(What is required): The data must be given again in full, with no line altered.

(Record excerpts):
────────

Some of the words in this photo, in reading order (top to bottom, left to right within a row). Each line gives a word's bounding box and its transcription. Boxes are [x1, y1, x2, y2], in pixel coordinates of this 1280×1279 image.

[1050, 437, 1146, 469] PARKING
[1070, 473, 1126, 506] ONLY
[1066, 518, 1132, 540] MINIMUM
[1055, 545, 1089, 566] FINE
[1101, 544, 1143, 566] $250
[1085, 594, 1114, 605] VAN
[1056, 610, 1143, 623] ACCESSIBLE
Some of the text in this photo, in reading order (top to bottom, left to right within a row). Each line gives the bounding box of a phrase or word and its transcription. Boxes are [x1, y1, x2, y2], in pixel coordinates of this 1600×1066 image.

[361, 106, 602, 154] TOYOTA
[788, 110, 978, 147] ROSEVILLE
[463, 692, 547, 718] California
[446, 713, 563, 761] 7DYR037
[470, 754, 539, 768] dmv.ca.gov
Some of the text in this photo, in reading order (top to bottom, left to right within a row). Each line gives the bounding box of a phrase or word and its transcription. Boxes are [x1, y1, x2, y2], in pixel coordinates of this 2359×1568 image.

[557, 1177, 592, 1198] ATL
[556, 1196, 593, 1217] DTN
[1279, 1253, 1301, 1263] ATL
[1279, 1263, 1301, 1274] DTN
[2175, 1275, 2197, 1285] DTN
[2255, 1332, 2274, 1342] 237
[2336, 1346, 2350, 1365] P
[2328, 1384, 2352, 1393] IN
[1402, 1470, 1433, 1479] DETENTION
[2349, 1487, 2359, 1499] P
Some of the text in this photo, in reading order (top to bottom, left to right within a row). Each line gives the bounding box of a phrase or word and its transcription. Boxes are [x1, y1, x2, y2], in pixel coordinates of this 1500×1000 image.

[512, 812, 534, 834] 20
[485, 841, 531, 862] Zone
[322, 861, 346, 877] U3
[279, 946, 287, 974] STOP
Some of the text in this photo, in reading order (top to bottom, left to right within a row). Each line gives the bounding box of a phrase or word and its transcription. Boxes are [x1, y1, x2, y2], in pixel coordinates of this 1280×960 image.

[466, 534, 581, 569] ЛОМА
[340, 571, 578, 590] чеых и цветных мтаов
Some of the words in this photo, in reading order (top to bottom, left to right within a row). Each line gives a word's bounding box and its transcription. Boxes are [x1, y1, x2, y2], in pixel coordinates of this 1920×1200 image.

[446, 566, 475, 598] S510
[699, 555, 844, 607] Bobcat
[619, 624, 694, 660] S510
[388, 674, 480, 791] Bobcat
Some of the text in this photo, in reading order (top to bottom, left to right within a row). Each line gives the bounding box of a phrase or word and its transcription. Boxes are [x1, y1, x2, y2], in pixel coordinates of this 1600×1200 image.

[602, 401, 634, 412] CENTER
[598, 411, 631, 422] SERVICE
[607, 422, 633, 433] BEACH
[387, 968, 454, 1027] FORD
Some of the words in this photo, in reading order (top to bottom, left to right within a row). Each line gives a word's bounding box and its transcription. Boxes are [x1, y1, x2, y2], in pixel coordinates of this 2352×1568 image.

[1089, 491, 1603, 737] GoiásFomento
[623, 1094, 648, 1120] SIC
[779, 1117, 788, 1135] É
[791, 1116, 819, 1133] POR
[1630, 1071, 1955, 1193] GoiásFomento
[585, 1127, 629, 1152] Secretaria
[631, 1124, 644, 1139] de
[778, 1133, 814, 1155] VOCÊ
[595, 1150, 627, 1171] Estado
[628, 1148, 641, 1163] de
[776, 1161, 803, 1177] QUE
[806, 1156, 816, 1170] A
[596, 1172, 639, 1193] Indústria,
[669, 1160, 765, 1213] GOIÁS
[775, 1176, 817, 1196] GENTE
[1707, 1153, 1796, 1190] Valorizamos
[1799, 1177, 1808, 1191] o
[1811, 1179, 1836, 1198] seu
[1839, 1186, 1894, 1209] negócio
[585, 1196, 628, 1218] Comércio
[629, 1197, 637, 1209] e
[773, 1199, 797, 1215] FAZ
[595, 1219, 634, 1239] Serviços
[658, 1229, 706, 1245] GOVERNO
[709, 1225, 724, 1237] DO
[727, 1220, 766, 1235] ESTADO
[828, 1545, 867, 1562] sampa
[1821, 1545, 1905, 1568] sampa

────────

(Response for this exercise):
Some of the words in this photo, in reading order (top to bottom, left to right within a row). Each line gives a word's bounding box and its transcription. Boxes are [x1, y1, x2, y2], in pixel coordinates of this 1280×1279 image.

[1050, 437, 1146, 469] PARKING
[1070, 473, 1126, 506] ONLY
[1066, 518, 1132, 540] MINIMUM
[1055, 545, 1089, 566] FINE
[1101, 544, 1143, 566] $250
[1085, 594, 1114, 605] VAN
[1056, 610, 1143, 623] ACCESSIBLE
Some of the text in this photo, in reading order (top to bottom, left to right within a row). Each line gives the bounding box of a phrase or word and its transcription. Boxes are [x1, y1, x2, y2], in pixel coordinates of this 1600×1066 image.

[361, 106, 602, 154] TOYOTA
[788, 110, 978, 147] ROSEVILLE
[463, 692, 547, 718] California
[446, 713, 563, 761] 7DYR037
[470, 754, 539, 768] dmv.ca.gov
Some of the text in this photo, in reading order (top to bottom, left to right within a row). Each line gives the bounding box of a phrase or word and its transcription. Boxes are [x1, y1, x2, y2], in pixel coordinates of this 2359×1568 image.

[557, 1177, 592, 1198] ATL
[556, 1196, 593, 1217] DTN
[1279, 1253, 1301, 1263] ATL
[1279, 1263, 1301, 1274] DTN
[2175, 1275, 2197, 1285] DTN
[2255, 1332, 2274, 1342] 237
[2336, 1346, 2350, 1365] P
[2328, 1384, 2352, 1393] IN
[1402, 1470, 1433, 1479] DETENTION
[2349, 1487, 2359, 1499] P
Some of the text in this photo, in reading order (top to bottom, left to right within a row). Each line gives the bounding box of a phrase or word and its transcription. Boxes are [x1, y1, x2, y2], in pixel coordinates of this 1500×1000 image.

[512, 812, 534, 834] 20
[485, 841, 531, 862] Zone
[322, 861, 346, 877] U3
[279, 946, 287, 974] STOP
Some of the text in this photo, in reading order (top to bottom, left to right within a row). Each line gives the bounding box of a phrase or word and its transcription. Boxes are [x1, y1, x2, y2], in pixel coordinates of this 1280×960 image.

[466, 534, 581, 569] ЛОМА
[340, 571, 578, 590] чеых и цветных мтаов
Some of the words in this photo, in reading order (top to bottom, left to right within a row). Each line gives a word's bounding box and its transcription. Boxes are [x1, y1, x2, y2], in pixel coordinates of this 1920×1200 image.

[446, 566, 475, 598] S510
[699, 555, 844, 607] Bobcat
[619, 624, 694, 660] S510
[388, 674, 480, 791] Bobcat
Some of the text in this photo, in reading order (top to bottom, left to right within a row). Each line gives the bounding box of a phrase or word and its transcription. Boxes are [x1, y1, x2, y2], in pixel coordinates of this 1600×1200 image.

[602, 401, 634, 412] CENTER
[598, 411, 631, 422] SERVICE
[607, 422, 633, 433] BEACH
[387, 968, 454, 1027] FORD
Some of the words in this photo, in reading order (top to bottom, left to right within a row). Each line gives a word's bounding box and its transcription. Boxes are [x1, y1, x2, y2], in pixel coordinates of this 2352×1568 image.

[1089, 491, 1603, 737] GoiásFomento
[623, 1094, 648, 1120] SIC
[779, 1117, 788, 1135] É
[791, 1116, 819, 1133] POR
[1630, 1071, 1955, 1193] GoiásFomento
[585, 1127, 629, 1152] Secretaria
[631, 1124, 644, 1139] de
[778, 1133, 814, 1155] VOCÊ
[595, 1150, 627, 1171] Estado
[628, 1148, 641, 1163] de
[776, 1161, 803, 1177] QUE
[806, 1156, 816, 1170] A
[596, 1172, 639, 1193] Indústria,
[669, 1160, 765, 1213] GOIÁS
[775, 1176, 817, 1196] GENTE
[1707, 1153, 1796, 1190] Valorizamos
[1799, 1177, 1808, 1191] o
[1811, 1179, 1836, 1198] seu
[1839, 1186, 1894, 1209] negócio
[585, 1196, 628, 1218] Comércio
[629, 1197, 637, 1209] e
[773, 1199, 797, 1215] FAZ
[595, 1219, 634, 1239] Serviços
[658, 1229, 706, 1245] GOVERNO
[709, 1225, 724, 1237] DO
[727, 1220, 766, 1235] ESTADO
[828, 1545, 867, 1562] sampa
[1821, 1545, 1905, 1568] sampa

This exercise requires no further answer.